(STEPHAN BREIDING; MAZ) POTSDAM Der alltägliche Kampf gegen den Rechtsextremismus ist auf den ersten Blick unspektakulär: Zeitzeugen berichten über ihre Erlebnisse während der NS-Zeit, Verbände organisieren Fahrten zu KZ-Gedenkstätten, Vereine kümmern sich um Opfer rechtsextremer Gewalt. Erst gestern haben das Aktionsbündnis gegen Gewalt, Rechtsextremismus und Fremdenfeindlichkeit und der Verein “Opferperspektive” die Broschüre “Angriffsziel Imbiss” herausgebracht, die potenzielle Opfer warnen soll. In den vergangenen fünf Jahren wurden mehr als 60 Imbissbuden in Brandenburg Opfer rechtsradikaler Attacken.
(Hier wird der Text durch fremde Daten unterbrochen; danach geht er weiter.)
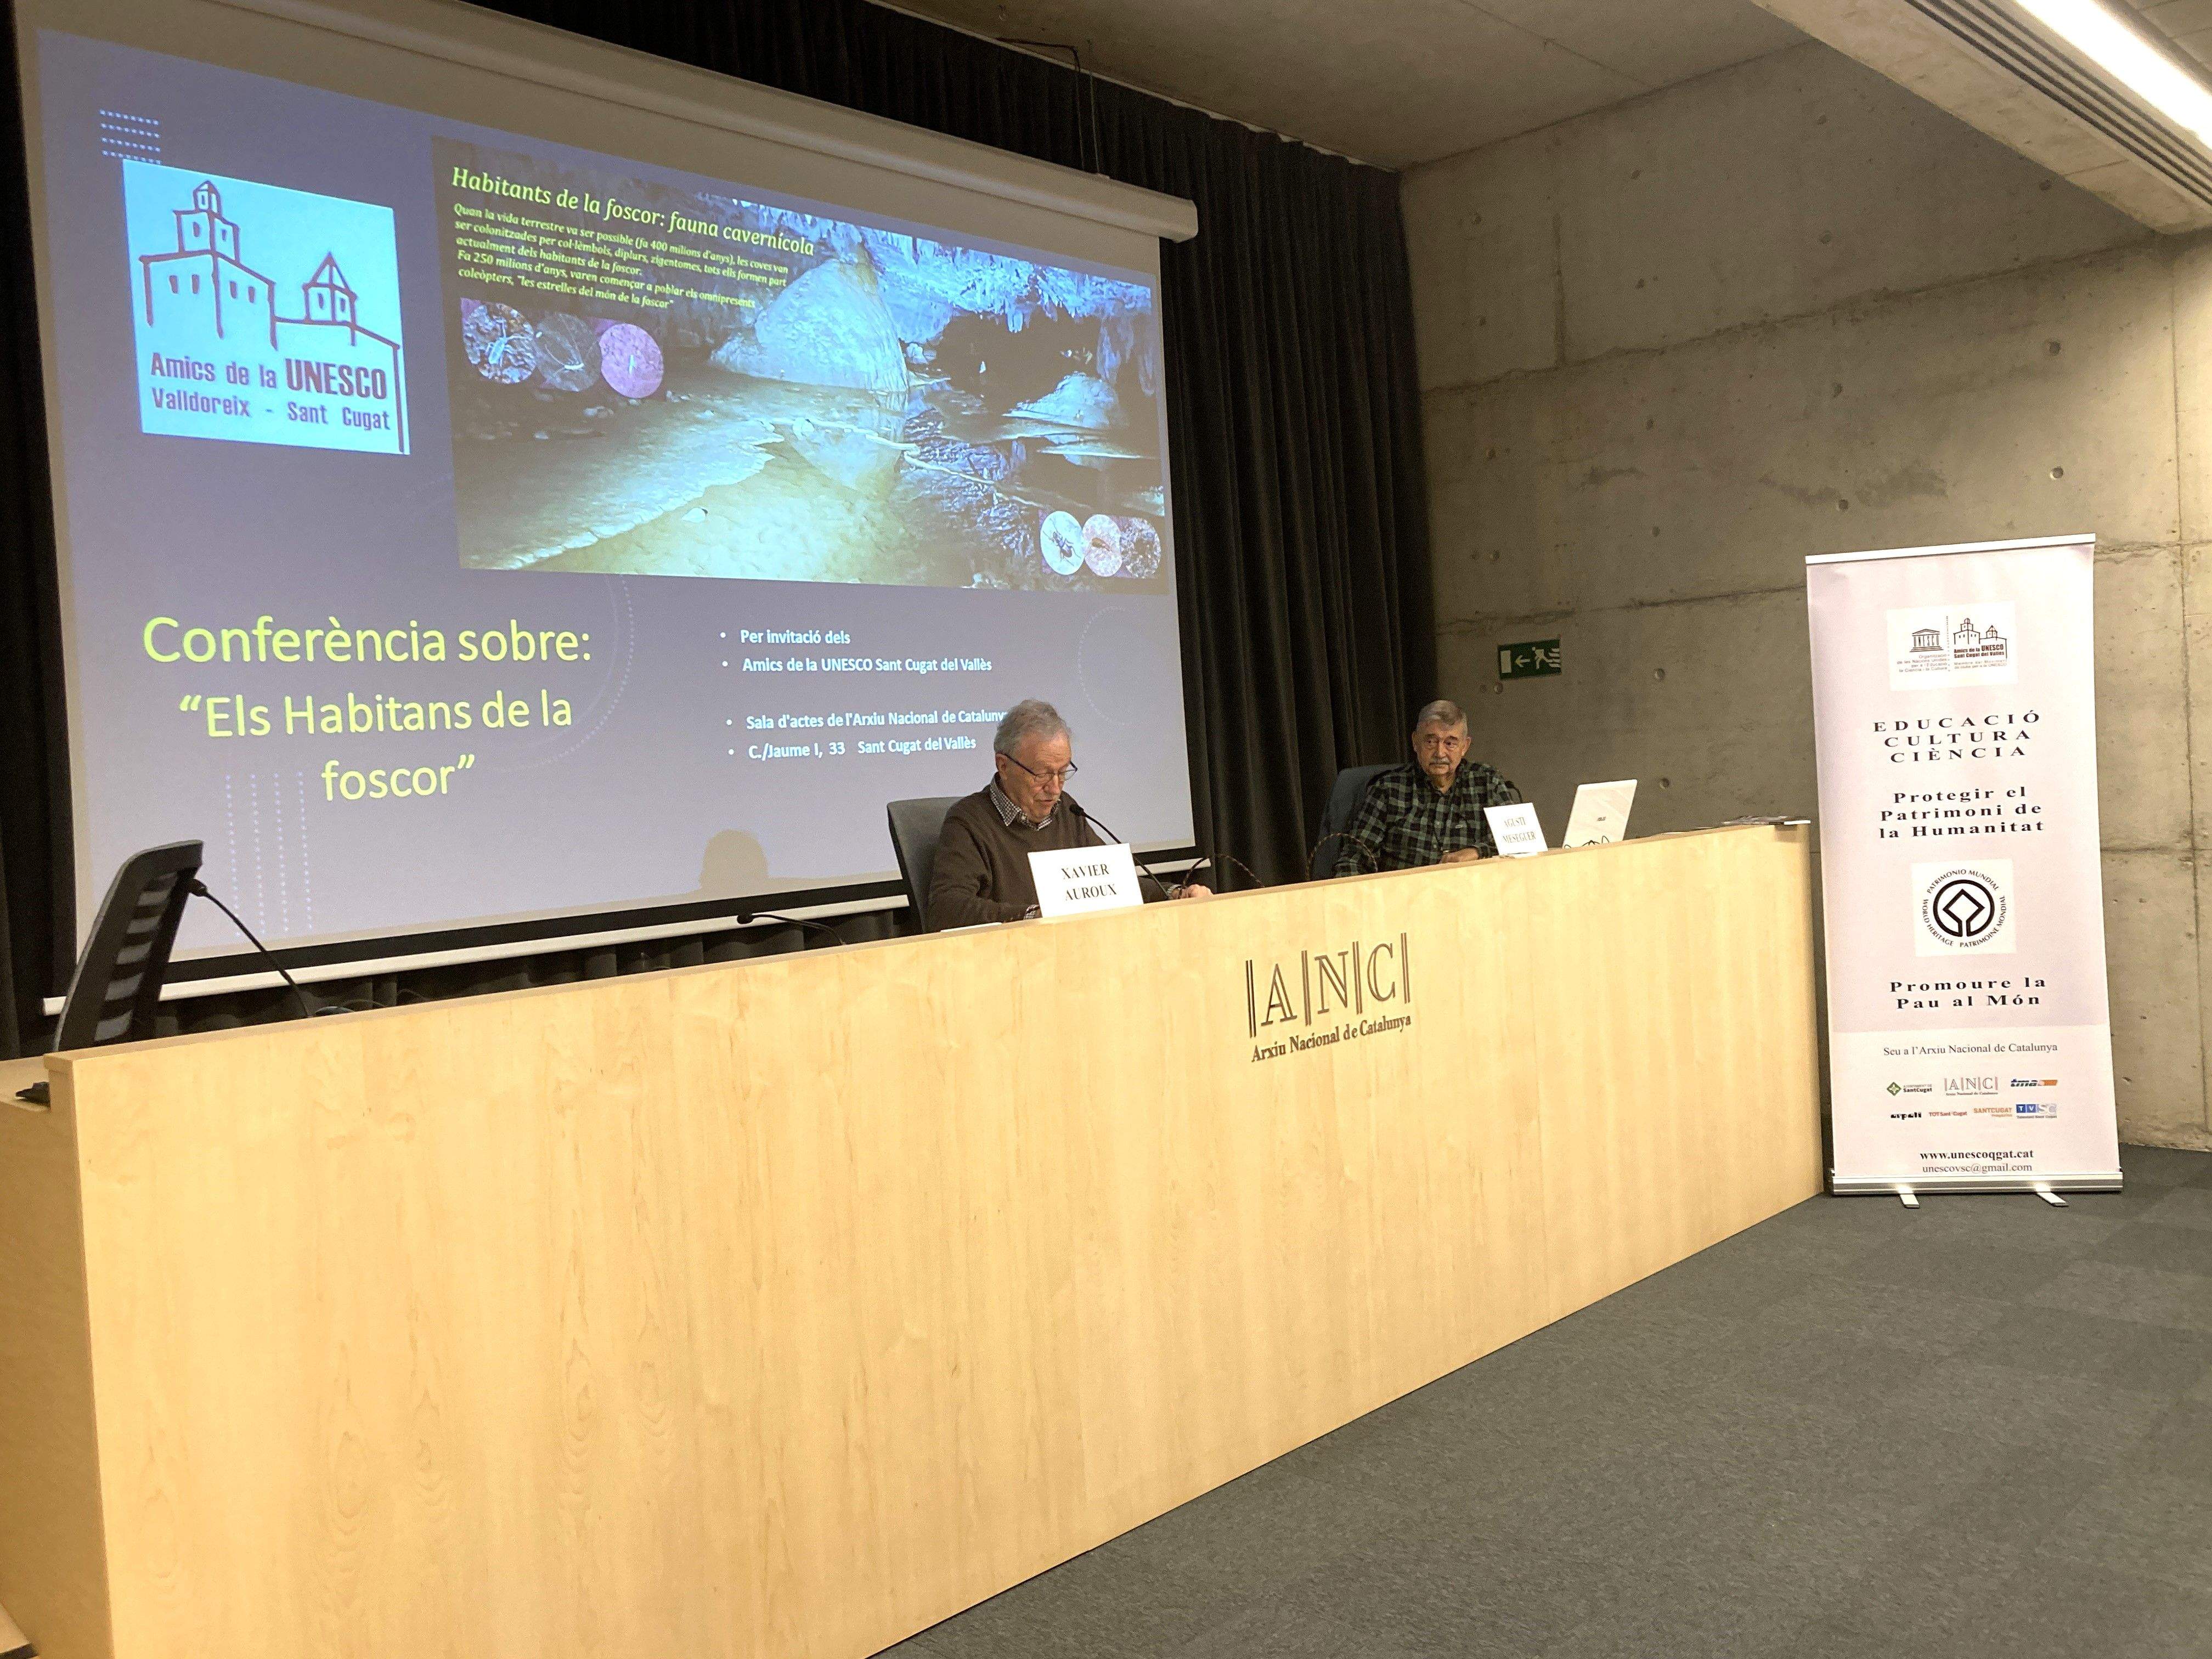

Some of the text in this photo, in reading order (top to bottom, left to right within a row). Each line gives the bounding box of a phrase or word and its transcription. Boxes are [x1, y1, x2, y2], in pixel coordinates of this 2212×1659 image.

[452, 167, 814, 256] Habitants de la foscor: fauna cavernícola
[454, 203, 482, 218] Quan
[485, 209, 494, 219] la
[497, 213, 518, 224] vida
[522, 217, 565, 233] terrestre
[567, 227, 578, 235] va
[580, 229, 594, 238] ser
[597, 232, 633, 245] possible
[635, 236, 648, 250] (fa
[650, 240, 668, 252] 400
[670, 245, 701, 258] milions
[737, 256, 748, 266] les
[750, 261, 772, 272] coves
[774, 264, 788, 274] van
[455, 221, 472, 230] ser
[473, 224, 537, 242] colonitzades
[539, 236, 556, 246] per
[614, 247, 649, 264] diplurs,
[651, 254, 702, 273] zigentomes,
[704, 263, 720, 275] tots
[722, 266, 736, 278] ells
[737, 270, 767, 284] formen
[769, 277, 787, 287] part
[456, 237, 515, 255] actualment
[518, 246, 537, 258] dels
[540, 249, 585, 267] habitants
[588, 258, 599, 268] de
[601, 259, 610, 270] la
[458, 250, 471, 261] Fa
[473, 252, 494, 265] 250
[496, 257, 532, 272] milions
[534, 263, 567, 278] d'anys,
[571, 270, 597, 282] varen
[600, 276, 645, 290] començar
[654, 284, 684, 297] poblar
[686, 290, 698, 300] els
[699, 292, 756, 308] omnipresents
[537, 280, 577, 294] estrelles
[579, 286, 594, 297] del
[595, 290, 616, 300] món
[618, 292, 629, 302] de
[631, 294, 640, 303] la
[151, 352, 387, 399] Amics de la UNESCO
[152, 387, 250, 417] Valldoreix
[287, 400, 329, 425] Sant
[342, 407, 391, 432] Cugat
[142, 616, 591, 663] Conferència sobre:
[741, 629, 851, 645] Per invitació dels
[742, 658, 992, 674] Amics de la UNESCO Sant Cugat del Vallès
[285, 692, 472, 735] Habitans
[482, 690, 530, 729] de
[541, 689, 572, 727] la
[746, 715, 774, 730] Sala
[778, 714, 824, 729] d'actes
[827, 713, 844, 727] de
[845, 712, 885, 726] l'Arxiu
[888, 710, 938, 725] Nacional
[941, 710, 956, 723] de
[1872, 710, 2039, 732] EDUCACIÓ
[748, 743, 810, 761] C./Jaume
[828, 742, 845, 755] 33
[857, 740, 885, 754] Sant
[888, 738, 922, 755] Cugat
[924, 737, 943, 751] del
[944, 736, 977, 750] Vallès
[1884, 730, 2030, 747] CULTURA
[1891, 746, 2025, 763] CIÈNCIA
[1894, 786, 2026, 803] Protegir el
[1881, 804, 2041, 821] Patrimoni de
[1502, 832, 1536, 843] MESEGUER
[1879, 821, 2044, 838] la Humanitat
[1062, 864, 1109, 879] XAVIER
[1927, 869, 2000, 894] PATRIMONIO MUNDIAL
[1065, 884, 1117, 901] AUROUX
[1960, 895, 2007, 947] PATRIMOINE MONDIAL
[1927, 923, 1954, 947] HERITAGE
[1890, 977, 2046, 992] Promoure la
[1896, 994, 2040, 1009] Pau al Món
[1251, 1015, 1412, 1063] Arxiu Nacional de Catalunya
[1883, 1047, 1901, 1056] Seu
[1911, 1046, 1946, 1054] l'Arxiu
[1949, 1045, 1991, 1053] Nacional
[1994, 1044, 2006, 1052] de
[2008, 1043, 2058, 1053] Catalunya
[1920, 1149, 2034, 1160] www.unescoqgat.cat
[1923, 1163, 2033, 1174] unescovsc@gmail.com
Derzeit ist jedoch offen, wie es mit einigen dieser Projekte gegen Rechtsextremismus weitergehen soll. In zahlreichen Verbänden herrscht Unruhe, weil die Landesregierung ihre Förderpraxis ändern will. Am stärksten betroffen ist der Verein “Opferperspektive”, der sich um Opfer rechtsextremer Gewalt kümmert. Er soll, anders als 2004, in diesem Jahr keine Landeshilfen mehr erhalten. Ein Antrag über 45 000 Euro wurde vom Justizministerium abgelehnt — mit fatalen Folgen: Bleiben die Landesmittel aus, gibt es auch vom Bund keine Förderung. Dieser hatte den mehrfach für seine Arbeit ausgezeichneten Verein im vergangenen Jahr mit 200 000 Euro unterstützt.
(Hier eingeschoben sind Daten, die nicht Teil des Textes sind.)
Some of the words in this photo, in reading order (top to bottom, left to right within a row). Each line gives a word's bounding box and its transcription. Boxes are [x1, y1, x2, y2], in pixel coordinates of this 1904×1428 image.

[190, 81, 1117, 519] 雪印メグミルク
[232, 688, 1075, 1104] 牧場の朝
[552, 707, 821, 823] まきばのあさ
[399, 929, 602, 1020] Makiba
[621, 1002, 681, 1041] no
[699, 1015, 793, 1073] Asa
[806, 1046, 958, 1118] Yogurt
Die Politik der Landesregierung sei “verantwortungslos gegenüber den Opfern menschenverachtender Gewalt”, prangerte Judith Porath, Geschäftsführerin der “Opferperspektive”, die Kürzungen an. Das sei vor allem vor dem Hintergrund der erneut gestiegenen Zahlen rechtsextremer Gewalttaten völlig unverständlich. Im Jahr 2004 waren 174 Menschen Opfer rechtsextremer Gewalt geworden, 20 mehr als im Vorjahr.
Verärgerung gibt es auch bei der Ausländerbeauftragten und dem Aktionsbündnis gegen Gewalt, Rechtsextremismus und Fremdenfeindlichkeit. Beiden sollen 2005 knapp 200 000 Euro für Projektförderung gestrichen werden. Dafür werde als Ausgleich in gleicher Höhe ein Fonds aus Lottomitteln aufgelegt, erklärt Thomas Hainz, Sprecher des Bildungsministeriums. Die Ausländerbeauftragte Almuth Berger zeigte sich dennoch besorgt über die Entwicklung, da der Fonds nicht mehr wie bisher von ihr und dem Aktionsbündnis, sondern vom Ministerium verwaltet werde. “Damit können wir viele Prozesse nicht mehr begleiten.”
Verärgert zeigt sich auch der Vorsitzende des Aktionsbündnisses, Heinz-Joachim Lohmann. Er bezeichnete die Kürzungen bei der “Opferperspektive” als “Skandal”. Der Verein sei “einer der wichtigsten Bestandteile zivilgesellschaftlichen Engagements gegen Rechtsextremismus”, so Lohmann. “Werden die Mittel gestrichen, ist die Opferperspektive am Ende.” Scharfe Kritik äußerte er auch an der geplanten Kürzung des 610-Stellen-Programms. Das sei mit der Prioritätensetzung der Landesregierung im Kampf gegen Rechtsextremismus “nicht vereinbar”. Auch den Verlust seiner eigenen Projektmittel betrachtet Lohmann mit Sorge. “Es ist noch völlig unklar, was alles mit dem neuen Fonds gefördert werden soll.”
Von den Kürzungen nahezu unberührt bleiben lediglich die Mobilen Beratungsteams und die Regionalen Arbeitsstellen für Ausländerfragen, Jugendarbeit und Schule (RAA). Sie erhalten 2005 rund 880 000 Euro aus dem Etat des Bildungsministeriums. Allerdings muss auch RAA-Geschäftsführer Alfred Roos Einbußen hinnehmen. Er sei beunruhigt, dass noch nicht absehbar sei, was mit einzelnen Projekten wie dem internationalen Zeitzeugenprogramm oder den Gedenkstättenfahrten nach Theresienstadt passiere. Dafür hatte es im vergangenen Jahr insgesamt 25 000 Euro aus der Landeskasse gegeben.